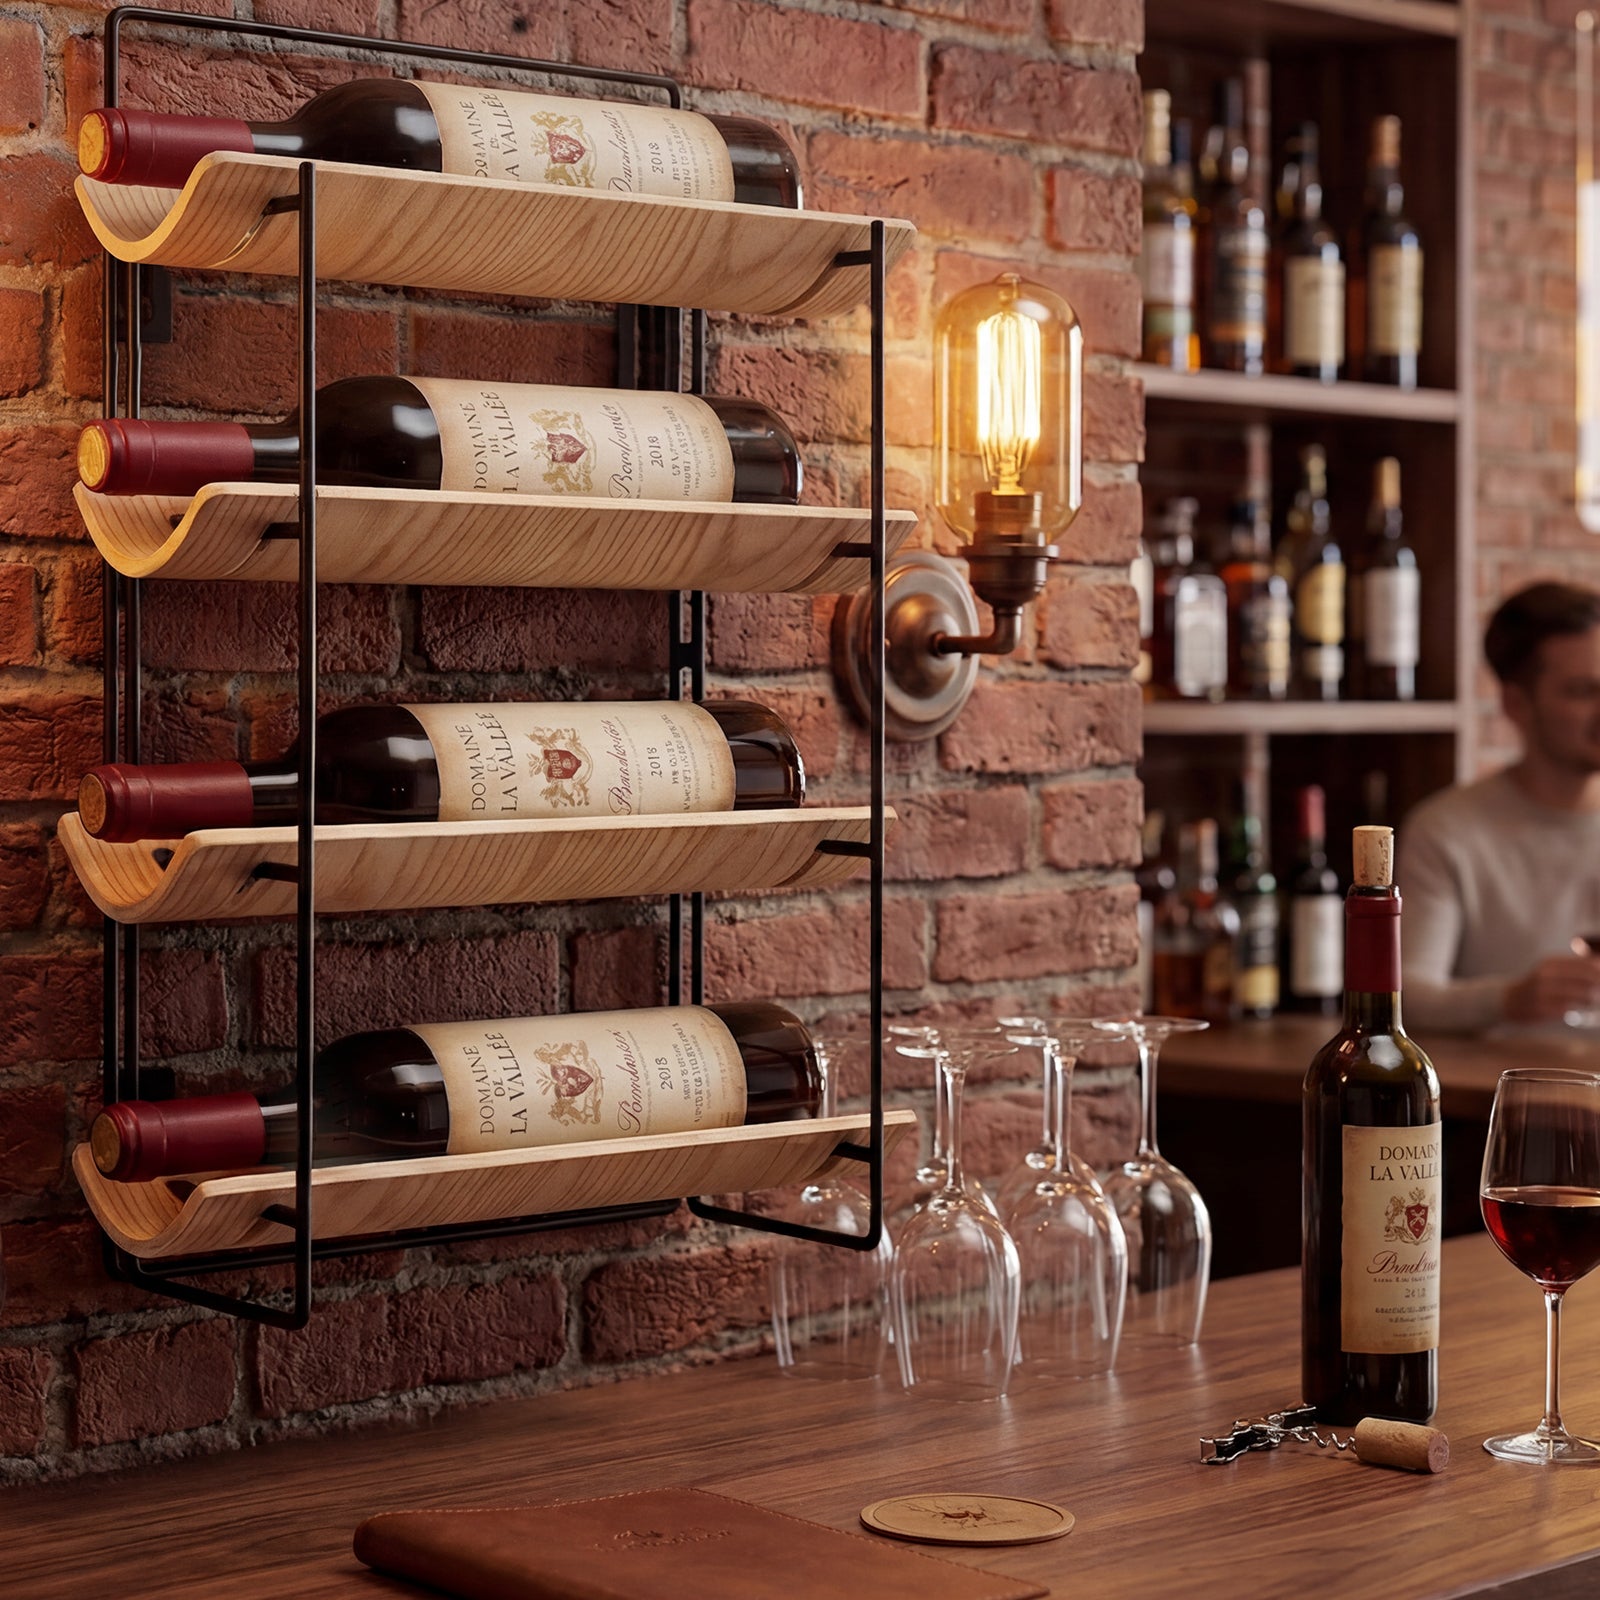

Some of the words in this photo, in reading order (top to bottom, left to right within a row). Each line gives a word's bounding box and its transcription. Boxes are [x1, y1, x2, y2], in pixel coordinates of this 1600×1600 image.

[505, 164, 520, 183] A
[458, 401, 488, 489] DOMAINE
[647, 436, 665, 469] 2018
[502, 466, 520, 492] LA
[475, 712, 517, 781] VALLÉE
[646, 747, 663, 778] 2018
[455, 723, 487, 811] DOMAINE
[500, 786, 519, 812] LA
[484, 1032, 526, 1101] VALLÉE
[654, 1057, 674, 1090] 2018
[462, 1045, 496, 1135] DOMAINE
[509, 1108, 528, 1135] LA
[1369, 1165, 1394, 1181] LA

◆ ◆ ◆ ◆

> What is needed
The records above are to be transcribed in full, with images omitted.

> Result
Some of the words in this photo, in reading order (top to bottom, left to right within a row). Each line gives a word's bounding box and its transcription. Boxes are [x1, y1, x2, y2], in pixel coordinates of this 1600×1600 image.

[505, 164, 520, 183] A
[458, 401, 488, 489] DOMAINE
[647, 436, 665, 469] 2018
[502, 466, 520, 492] LA
[475, 712, 517, 781] VALLÉE
[646, 747, 663, 778] 2018
[455, 723, 487, 811] DOMAINE
[500, 786, 519, 812] LA
[484, 1032, 526, 1101] VALLÉE
[654, 1057, 674, 1090] 2018
[462, 1045, 496, 1135] DOMAINE
[509, 1108, 528, 1135] LA
[1369, 1165, 1394, 1181] LA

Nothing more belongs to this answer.